§ **TASK STATEMENT**: Before copying, set the images aside; then transcribe every entry below exactly.

§ **RECORD EXTRACTS**:
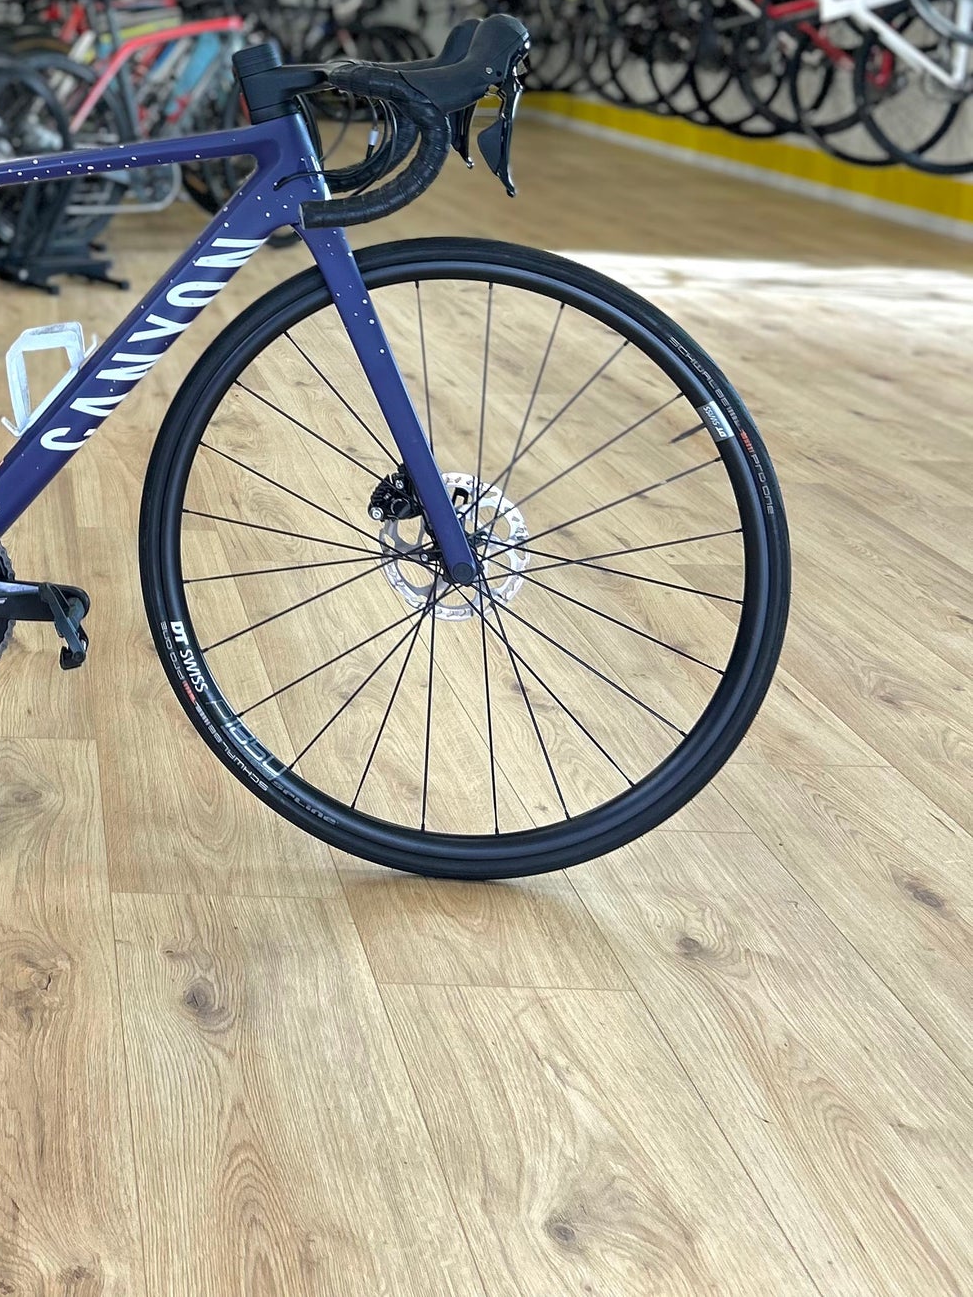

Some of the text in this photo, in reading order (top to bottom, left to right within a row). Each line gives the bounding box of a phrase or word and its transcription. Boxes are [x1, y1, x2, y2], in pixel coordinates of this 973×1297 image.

[40, 238, 268, 451] CANYON
[668, 336, 730, 407] SCHWALBE
[703, 405, 728, 438] DT SWISS
[170, 620, 209, 693] DT SWISS
[207, 724, 269, 792] SCHWALBE

§ **OUTPUT BELOW**:
Some of the text in this photo, in reading order (top to bottom, left to right within a row). Each line gives the bounding box of a phrase or word and its transcription. Boxes are [x1, y1, x2, y2], in pixel coordinates of this 973×1297 image.

[40, 238, 268, 451] CANYON
[668, 336, 730, 407] SCHWALBE
[703, 405, 728, 438] DT SWISS
[170, 620, 209, 693] DT SWISS
[207, 724, 269, 792] SCHWALBE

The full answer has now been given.